Global Covid-19 vaccine race spurs national pride
WITH testing under way on five experimental vaccines in China and four in the US, the race to produce a vaccine for Covid-19 has taken on political dimensions that echo jockeying for technological dominance during the Cold War, including the space race after the launch of Sputnik in 1957 and the early US fears of a “missile gap” with the Soviet Union.
The same day in mid-march that the US launched human testing of its first experimental coronavirus vaccine, scientists in China announced that their own trial would begin. Days after a company unveiled the partial data from the first US human tests earlier this month, a complete report of the Chinese trial was published in a prestigious medical journal. Both countries are also taking huge financial risks to speed up production of possible vaccines before they know any are safe and effective – a gambit to ensure their citizens won’t have to wait. The nation that produces the first safe and effective vaccine will gain not only bragging rights but also a fast track to put its people back to work, a powerful public health tool to protect its citizens and a precious resource to reward allies. In an election year in the US the prospect of a successful vaccine by year’s end could also be a potent campaign tool.
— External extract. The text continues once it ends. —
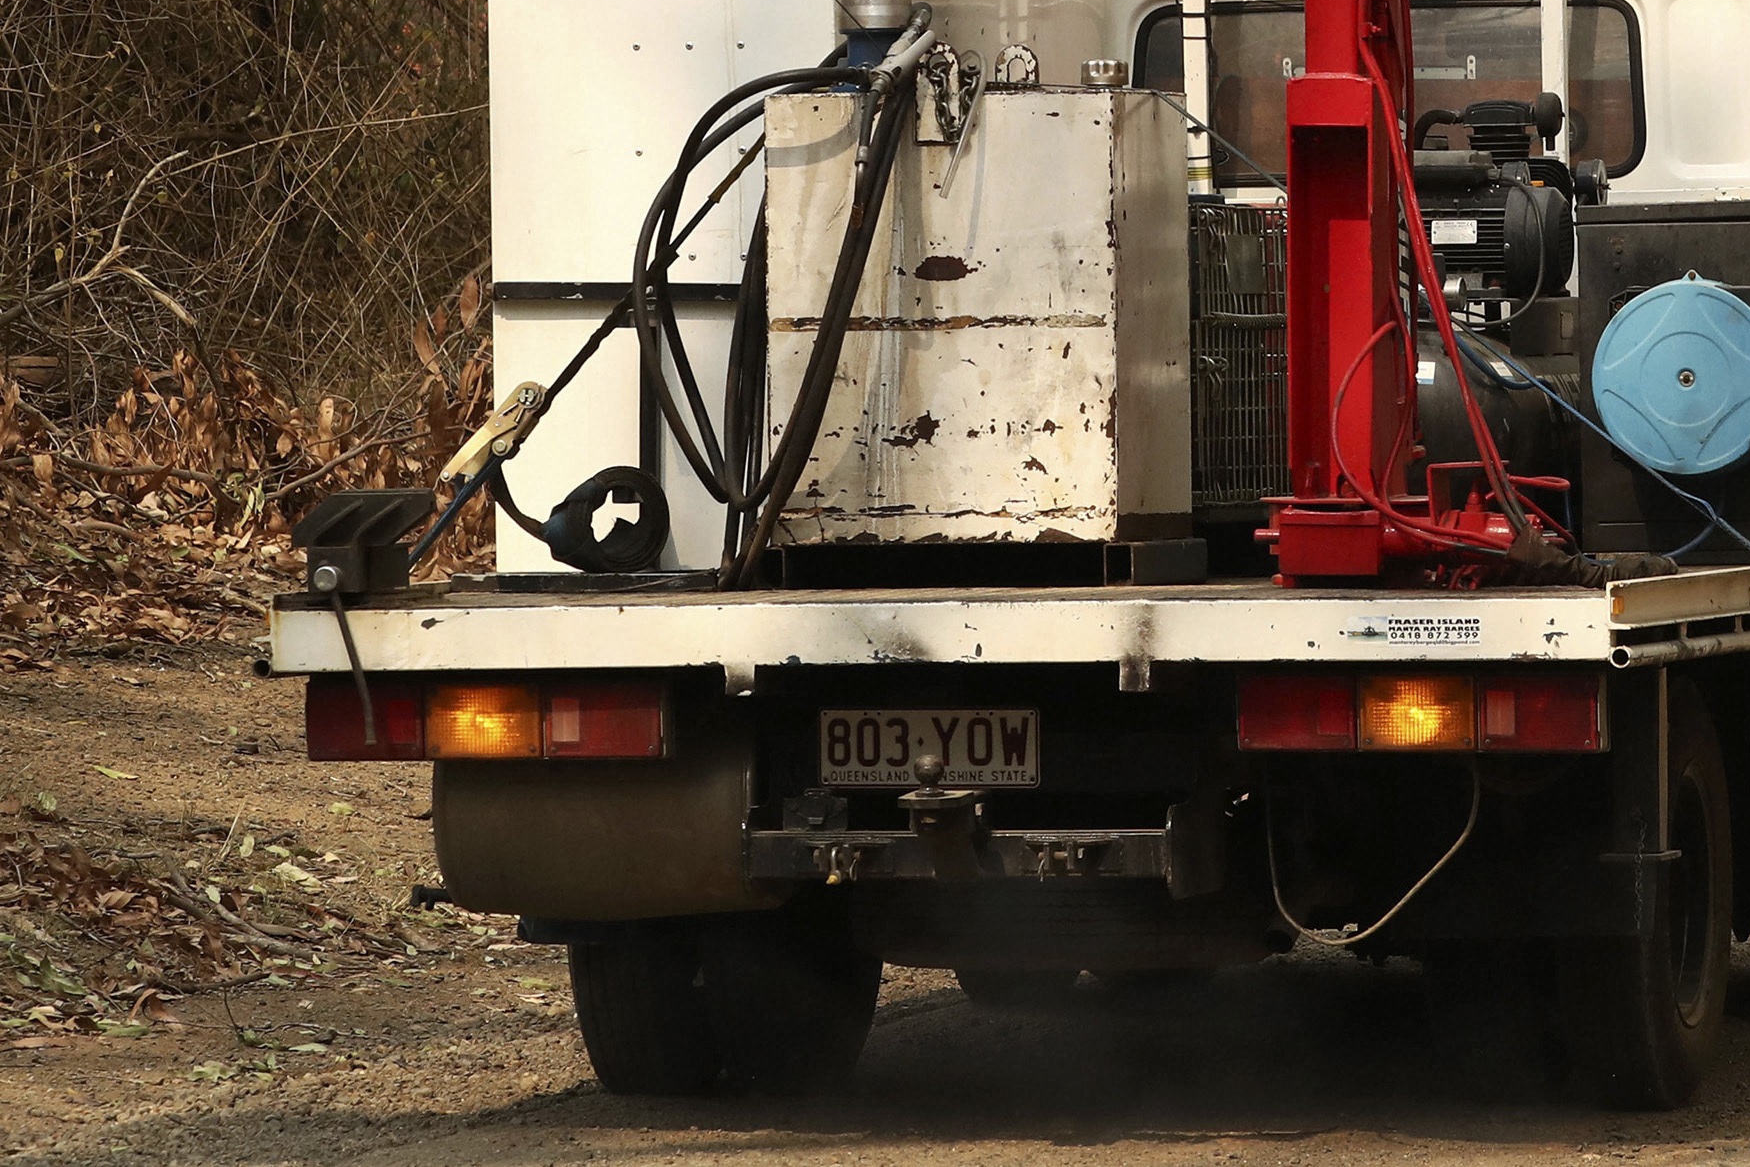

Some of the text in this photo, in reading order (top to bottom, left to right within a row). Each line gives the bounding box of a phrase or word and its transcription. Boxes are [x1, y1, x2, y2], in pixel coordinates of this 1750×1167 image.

[830, 770, 1027, 782] QUEENSLAND NSHINE STATE
With 10 experimental vaccines in human tests – five in China, four in the US and one in Britain – the science is moving forward with unprecedented speed and collaboration.
But with the world increasingly divided along nationalistic lines, the race has become political.
Scientists see the race as one in which academic research groups, companies and countries are working in rare unity against a common enemy – the virus. But health policy experts already see “vaccine nationalism” creeping in.
President Donald Trump announced on Friday that he would terminate the US relationship with the World Health Organization, which he accused of misleading the world about the coronavirus at the urging of the Chinese government. The US skipped an international pledging conference early last month that put billions towards developing a vaccine for the world.
Political leaders criticised for their handling of the pandemic and eager to notch a win have already begun securing doses for their own citizens – as the US did in making a $1.2 billion (R20.3bn) investment to secure 300 million doses of a vaccine being developed by the University of Oxford and the pharmaceutical company Astrazeneca. The first 100 million doses have been committed to the UK. Companies are spreading their manufacturing plants across multiple countries, a partial protection against the possibility that any nation prohibits exports.
Who gets the vaccine first matters not just for national pride but because that country’s citizens will almost certainly get first access to limited doses – even if the virus is raging in another part of the world.
China has focused its public diplomacy efforts on the developing world. China’s leader, Xi Jinping, recently said China would seek to ensure developing nations have access to any Chinese vaccine, an offer that could help to strengthen these diplomatic bonds if the Chinese vaccine proves effective.